‘They have to think we’re evil. Otherwise they have to debate us,” notes Dennis Prager in No Safe Spaces, a much-needed documentary about why it’s healthy and necessary to hash out our differences in public, notably on campus.
Prager is correct, except “think” might be the wrong verb. I’d say “pretend” is more exact. It’s essential for progressive activists to engineer reasons to forestall debates they might lose. That they suspect they might is the reason for the vicious campaign of name-calling, shouting-down, and shutting-out that is deployed against the likes of Prager and others (Ben Shapiro, Jordan Peterson) shown in the movie.
I’m friendly with Owen Brennan, one of the producers of No Safe Spaces, and Prager and Shapiro are longtime contributors to and friends of National Review, so I can’t call myself unbiased about the film. But as comedian and podcaster Adam Carolla, whose campus tour with Prager inspired the documentary, notes, the question people such as he are raising is about (widely held) values and common sense. If the Left does not want “common sense” to become an exclusively conservative epithet, it ought to heed the lessons of this rangy tour of today’s free-speech wars.

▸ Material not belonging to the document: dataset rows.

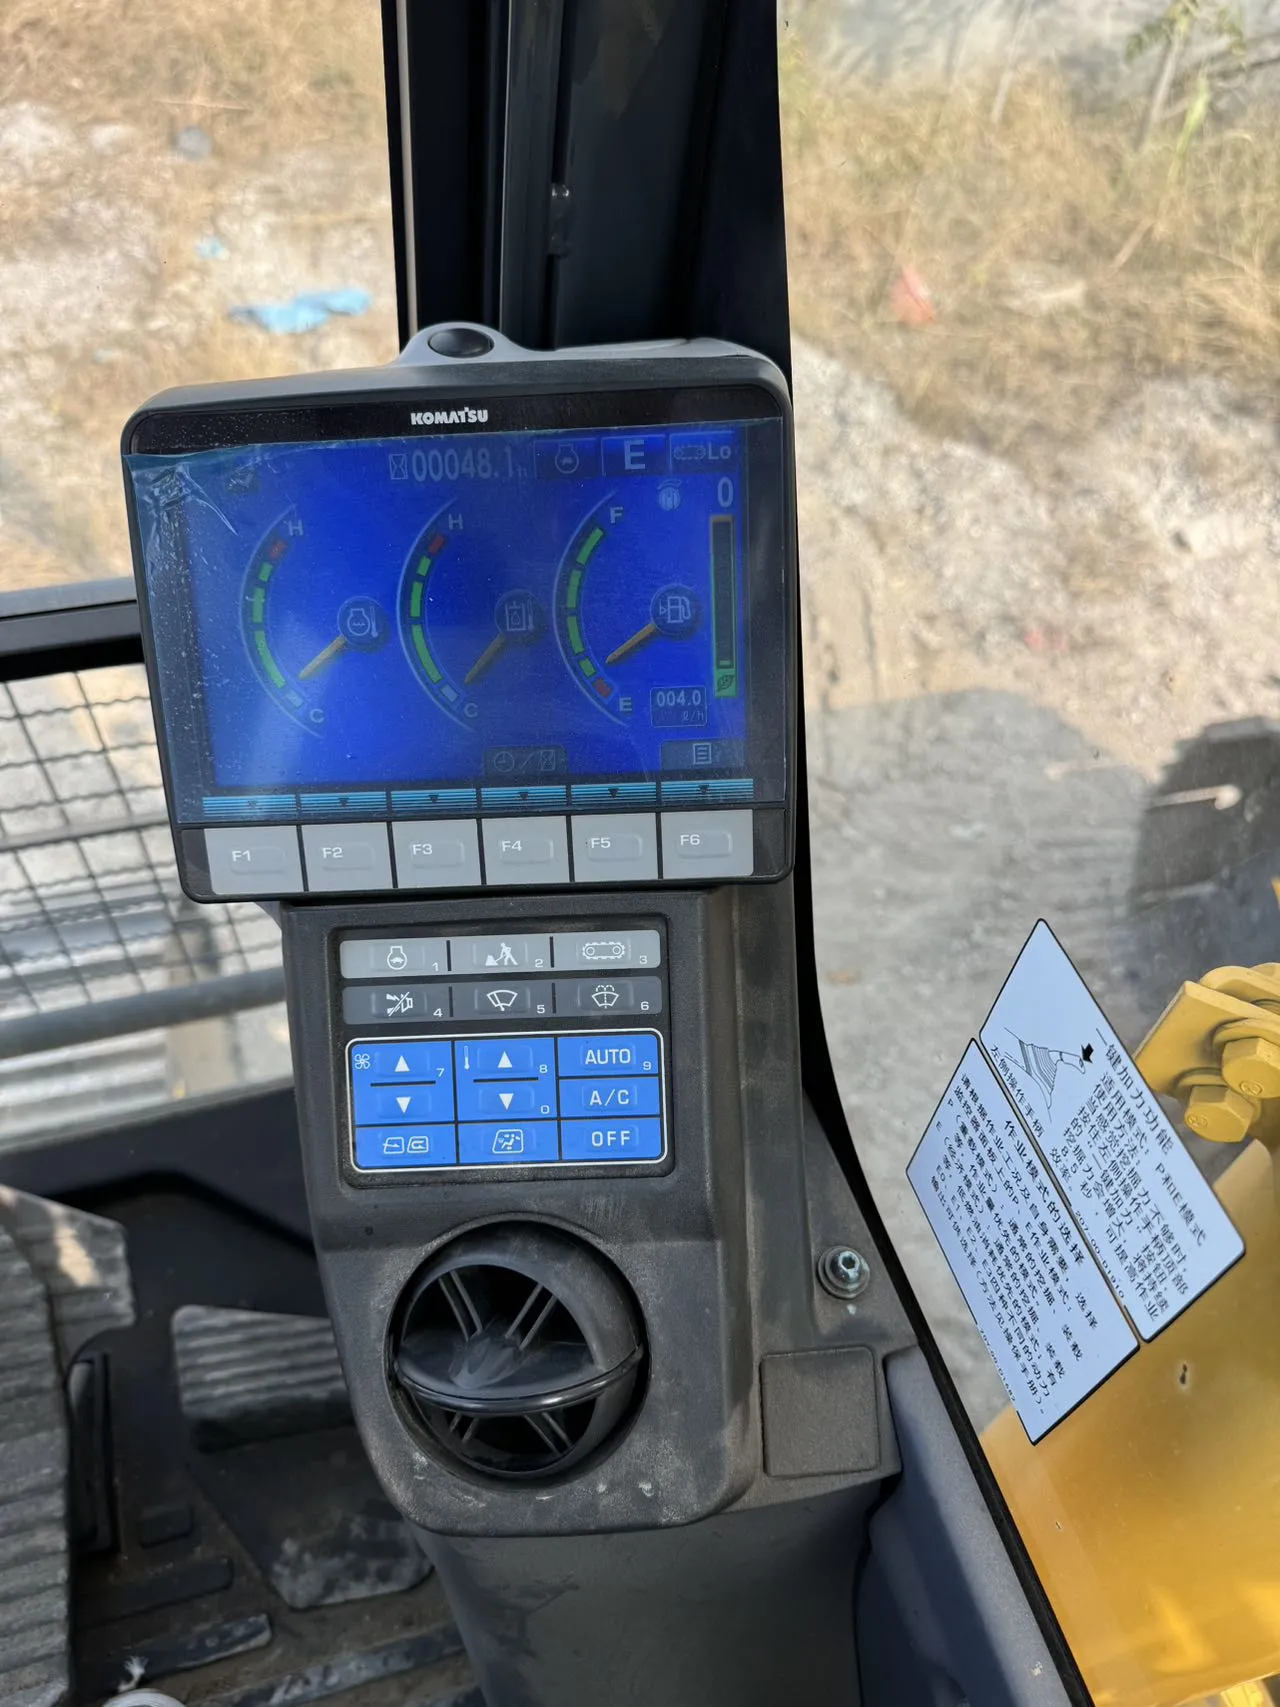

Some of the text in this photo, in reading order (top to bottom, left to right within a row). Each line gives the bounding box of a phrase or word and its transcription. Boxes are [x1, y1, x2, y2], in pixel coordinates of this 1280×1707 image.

[411, 407, 488, 425] KOMATSU
[624, 439, 646, 471] E
[708, 444, 732, 460] Lo
[718, 477, 734, 508] 0
[449, 513, 464, 530] H
[610, 507, 624, 524] F
[288, 520, 304, 536] H
[620, 697, 632, 711] E
[656, 689, 702, 707] 004.0
[309, 709, 324, 723] C
[463, 703, 478, 718] C
[502, 840, 523, 852] F4
[591, 836, 612, 849] F5
[680, 834, 701, 846] F6
[322, 846, 343, 859] F2
[412, 843, 433, 855] F3
[231, 850, 251, 863] F1
[431, 962, 439, 972] 1
[535, 958, 543, 968] 2
[639, 955, 648, 965] 3
[433, 1008, 443, 1018] 4
[536, 1004, 546, 1014] 5
[640, 1001, 650, 1011] 6
[584, 1049, 631, 1065] AUTO
[436, 1068, 444, 1077] 7
[539, 1064, 548, 1073] 8
[642, 1061, 651, 1071] 9
[589, 1088, 630, 1105] A/C
[990, 1041, 1044, 1140] 左侧操作手柄
[1091, 1022, 1175, 1157] 一键加力功能
[591, 1130, 631, 1147] OFF
[1002, 1116, 1086, 1269] 作业模式的选择

You need hardly be a conservative to think it’s a good idea to listen to people of differing mindsets, or at least not to interfere with their speech, and the film shows Barack Obama, Van Jones, Bill Maher, and other dedicated opponents of the Right making exactly this case. “Anybody who comes to speak to you and you disagree with, you should have an argument with them, but you shouldn’t silence them by saying you can’t come,” says Obama in a clip seen in the film. “Shouldn’t we be able to agree on protecting free speech no matter who is speaking?” asks Jones. “Whoever told you you only had to hear what didn’t upset you?” says Maher.

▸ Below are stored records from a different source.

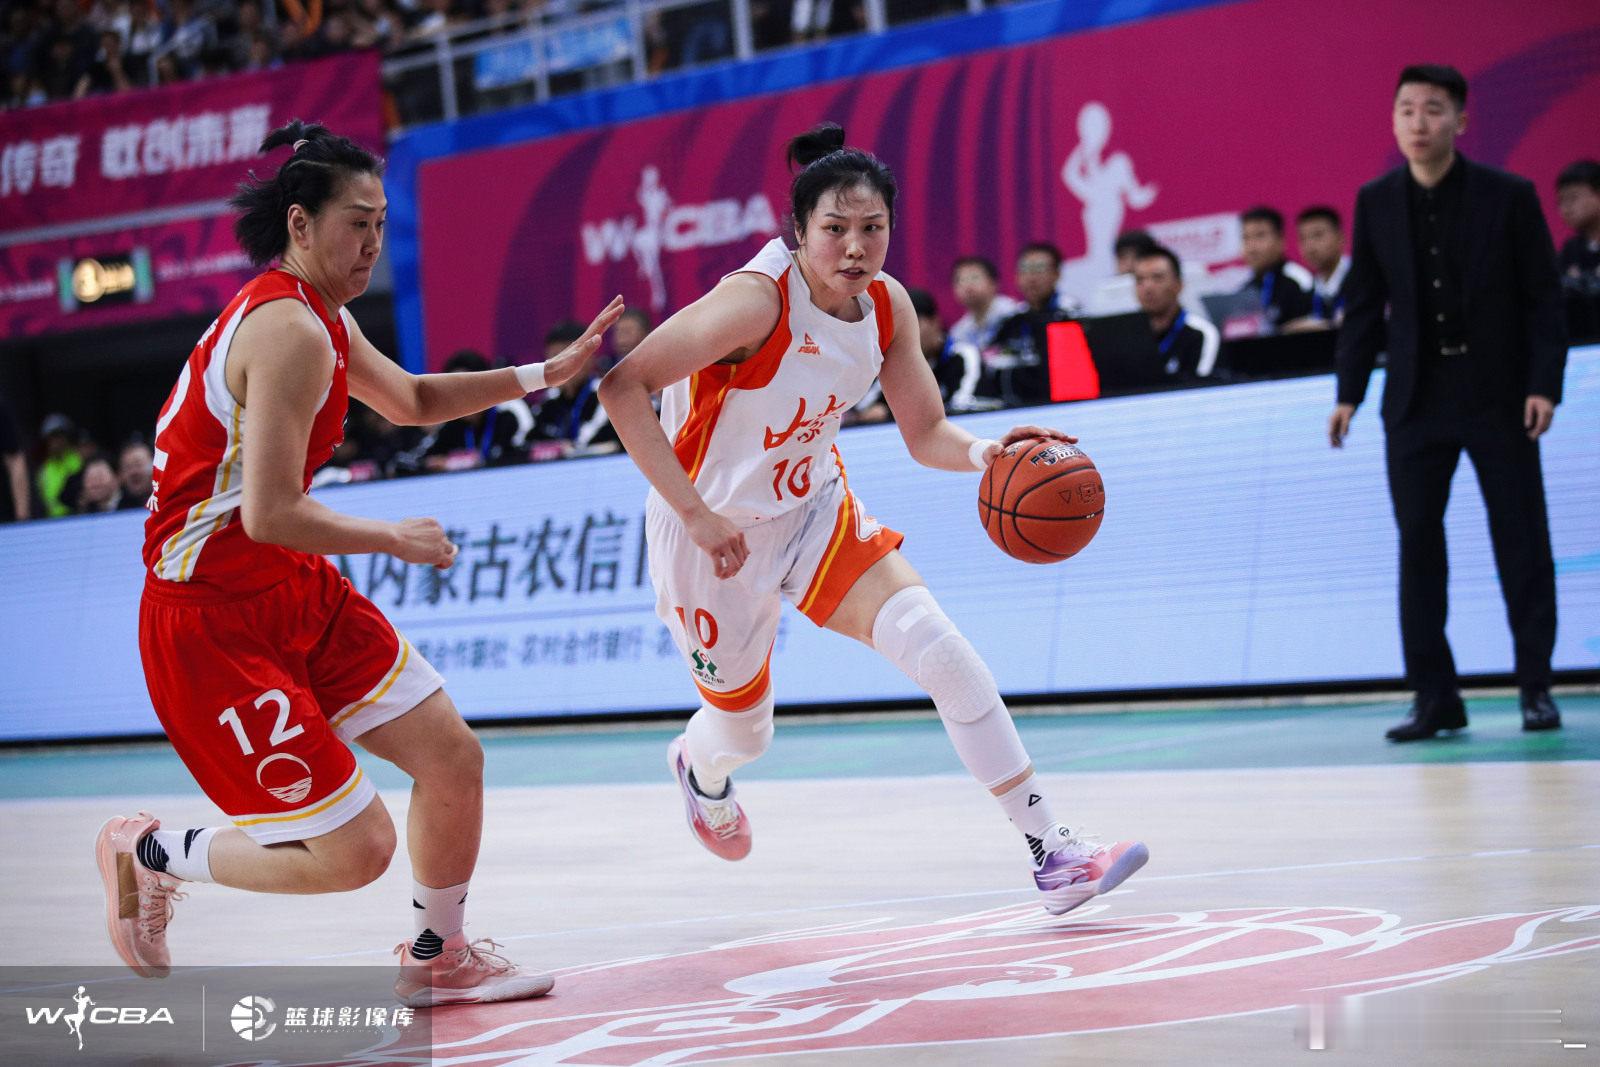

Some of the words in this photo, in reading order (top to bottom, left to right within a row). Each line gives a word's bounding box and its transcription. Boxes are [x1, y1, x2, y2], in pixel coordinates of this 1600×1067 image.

[581, 194, 778, 267] WCBA
[772, 455, 814, 502] 10
[365, 505, 632, 606] 内蒙古农信
[674, 606, 719, 650] 10
[218, 688, 305, 756] 12

Close observers of the issue won’t learn much that is new from No Safe Spaces, which includes clips of well-covered matters such as the 2017 Berkeley rioting that attended a planned appearance by Milo Yiannopoulos, the mob attack on professor Allison Stanger at Middlebury College that year, and the outcry on the Yale campus over Halloween costumes in 2015 that resulted in the resignation of Erika Christakis, an early-childhood specialist, from a Yale teaching post. As Greg Lukianoff, president of the Foundation for Individual Rights in Education, notes, most people don’t really value free speech, except for themselves: “Free speech is a very weird thing in human history.” Adds Prager, sagely, “Liberty is a value, not a natural inclination.” Do people yearn to be free? “No, they yearn to be taken care of.” If you support free speech only for the ideas you agree with, you don’t support free speech. “The issue of free speech doesn’t apply to love speech,” says Prager. “Nobody ever threatened love speech. The whole point of free speech is to protect speech you hate.”
Yet in this dispiriting moment, half of college students think hate speech should be illegal. This film is a valuable course in why they are wrong, and it has the benefit of being presented in a zippy, entertaining format, with animated interludes and Carolla’s charming comic persona helping to put across these mission-critical points for the future of the Republic.
A particularly vital segment illustrates how “controversial,” a term that on campus is more or less synonymous with “conservative,” speakers have been told to pay for the security costs that pile up when rage mobs appear, or even threaten to appear, in order to disrupt speech. “Security is the new ‘Shut up,’” as Mark Steyn puts it in a television interview: “You could stage Hello Dolly Meets Godzilla on Ice” for what campus security forces charge conservative student groups to host speeches. Progress is being made here, and toward the end a Berkeley administrator is shown saying all the right things about the campus’s decision to host, and pay the $600,000 in security fees associated with the appearance of, Shapiro. Ben delivers his views with typical brio: He praises those “who don’t believe that the First Amendment should die under the jackboots and Birkenstocks of a bunch of anarchist Communist pieces of garbage.”
Some pundits maintain that conservatives make too much of what is happening on campus, as if many other bad ideas had not been dumped upon us from the Ivory Tower and as if college students lived in a permanent state of quarantine, never bringing their ideas out to the wider world. But campus politics have already infected the Silicon Valley giants who wield far more power to determine what information people get than William Randolph Hearst or any other newspaper publisher ever did. Bland, anodyne labels such as “community standards” are the new justification for what amounts to digital book-burning. Prager notes that some of his educational YouTube videos have been restricted by Google.
For anyone who has the slightest interest in preserving the rights of minorities, the question of speech must be central to the strategy, regardless of where you stand on the political spectrum. “Guess what: If you have any spark of individualism in you, . . . they will come to destroy that too,” says Dave Rubin, the (gay, liberal) podcast host who has become an unlikely leader of the movement to defend the culture of free speech. Or as Jerry Seinfeld puts it, “there’s a creepy PC thing out there that really bothers me.”